## Your task
Word for word, restate every record, though not the pictures.

Images for object localization
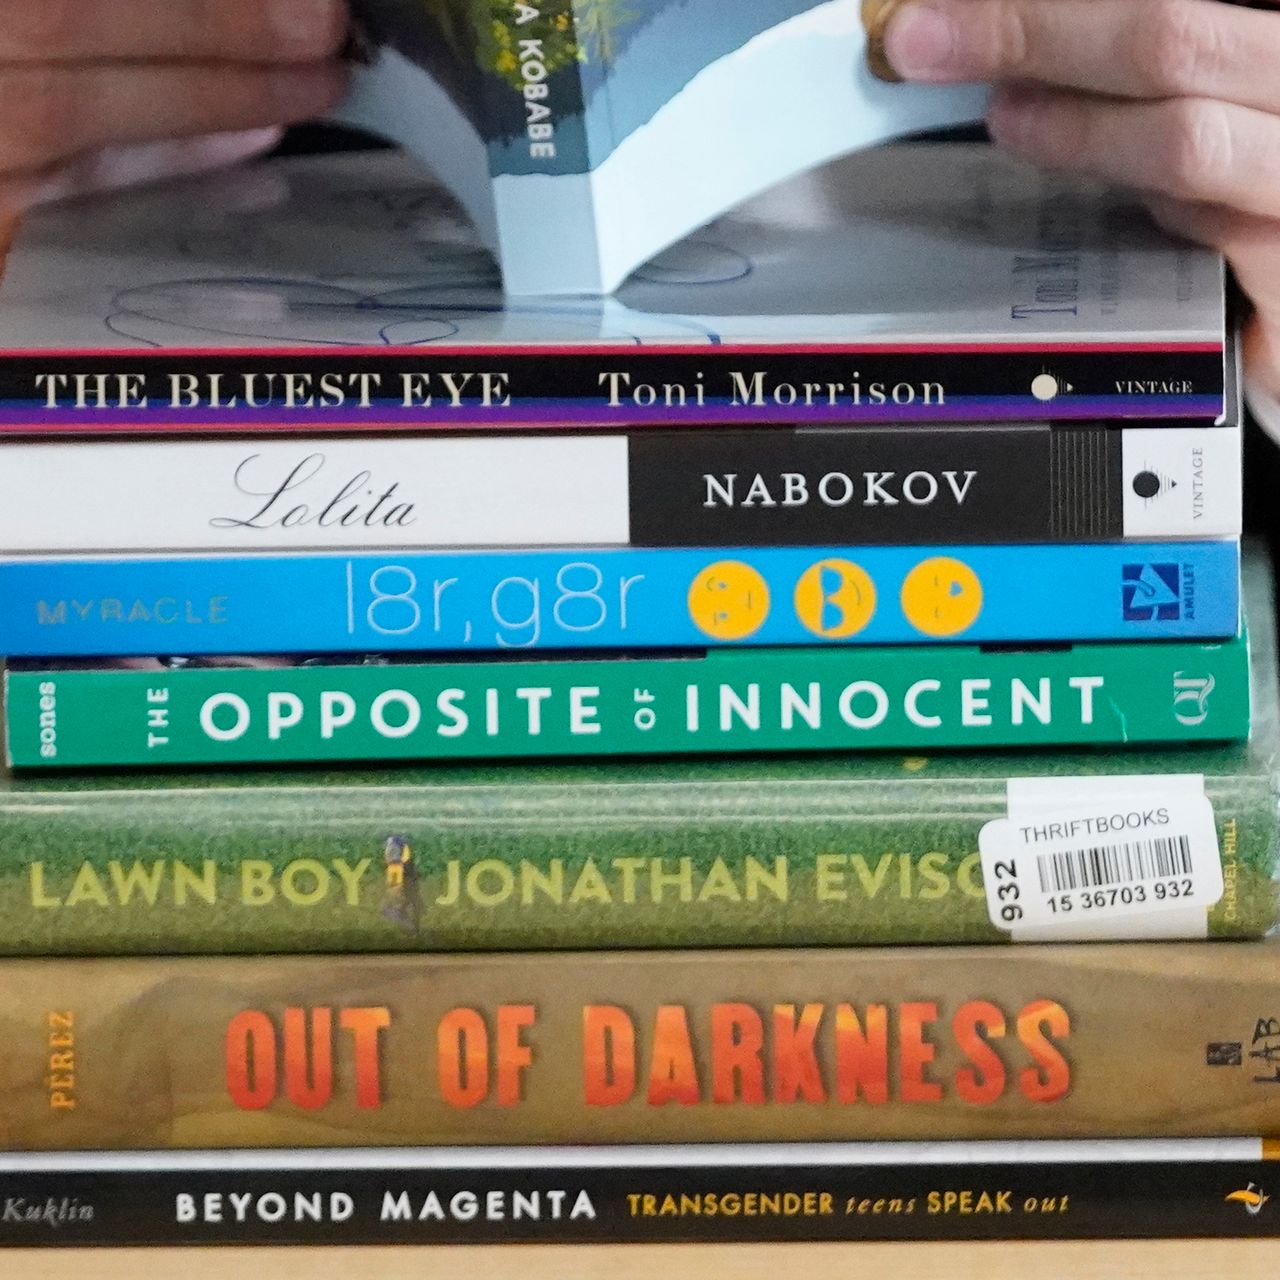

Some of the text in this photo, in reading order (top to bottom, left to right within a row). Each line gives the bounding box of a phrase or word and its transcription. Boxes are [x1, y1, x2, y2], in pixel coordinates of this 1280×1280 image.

[518, 39, 557, 159] KOBABE
[35, 370, 1193, 409] THE BLUEST EYE Toni Morrison VINTAGE
[208, 452, 978, 532] Lolita NABOKOV
[1191, 447, 1204, 519] VINTAGE
[36, 595, 229, 625] MYRACLE
[1183, 563, 1195, 620] AMULET
[39, 681, 57, 757] sones
[147, 676, 1104, 748] THE OPPOSITE OF INNOCENT
[1020, 808, 1170, 844] THRIFTBOOKS
[30, 859, 216, 908] LAWN
[241, 857, 371, 907] BOY
[434, 855, 789, 907] JONATHAN
[994, 858, 1023, 921] 932
[1047, 879, 1194, 913] 15 36703 932
[1223, 818, 1237, 920] CHAPEL HILL
[226, 999, 1072, 1110] OUT OF DARKNESS
[2, 1196, 95, 1228] Kuklin
[176, 1190, 1070, 1222] BEYOND MAGENTA TRANSGENDER teens SPEAK out
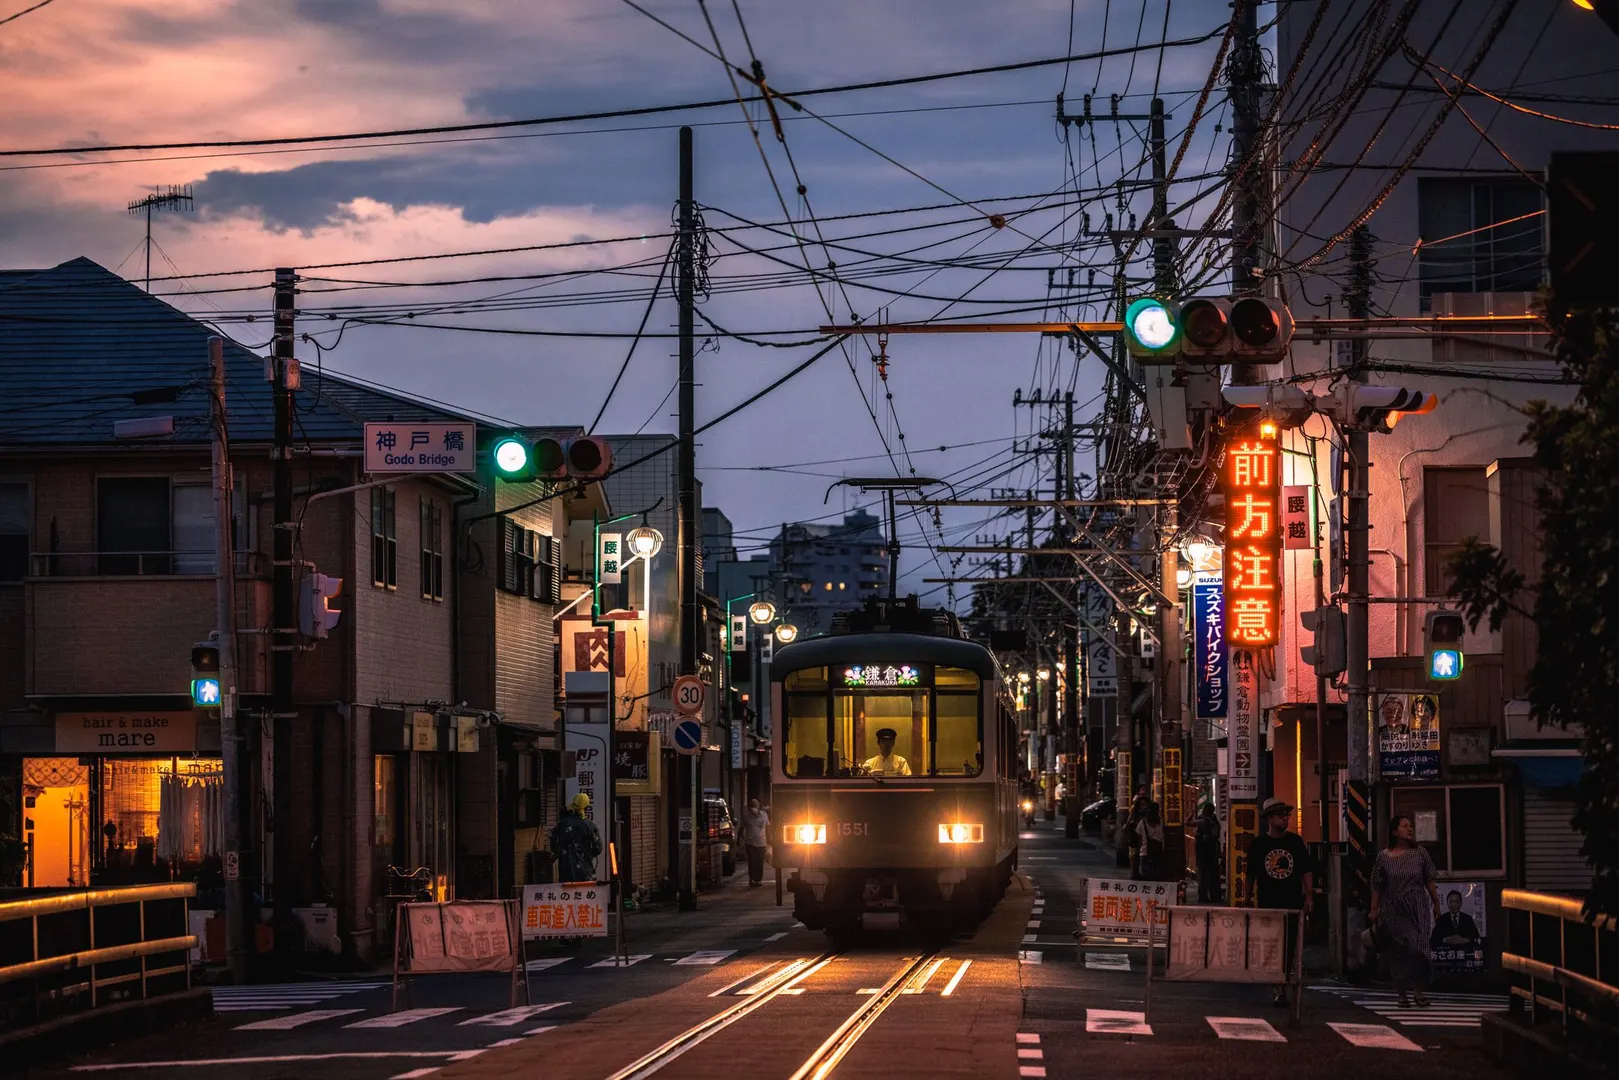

## Output for this exercise
Some of the text in this photo, in reading order (top to bottom, left to right within a row). Each line gives the bounding box of a phrase or word and its transcription. Boxes are [x1, y1, x2, y2], in pixel coordinates of this 1280×1280 image.

[518, 39, 557, 159] KOBABE
[35, 370, 1193, 409] THE BLUEST EYE Toni Morrison VINTAGE
[208, 452, 978, 532] Lolita NABOKOV
[1191, 447, 1204, 519] VINTAGE
[36, 595, 229, 625] MYRACLE
[1183, 563, 1195, 620] AMULET
[39, 681, 57, 757] sones
[147, 676, 1104, 748] THE OPPOSITE OF INNOCENT
[1020, 808, 1170, 844] THRIFTBOOKS
[30, 859, 216, 908] LAWN
[241, 857, 371, 907] BOY
[434, 855, 789, 907] JONATHAN
[994, 858, 1023, 921] 932
[1047, 879, 1194, 913] 15 36703 932
[1223, 818, 1237, 920] CHAPEL HILL
[226, 999, 1072, 1110] OUT OF DARKNESS
[2, 1196, 95, 1228] Kuklin
[176, 1190, 1070, 1222] BEYOND MAGENTA TRANSGENDER teens SPEAK out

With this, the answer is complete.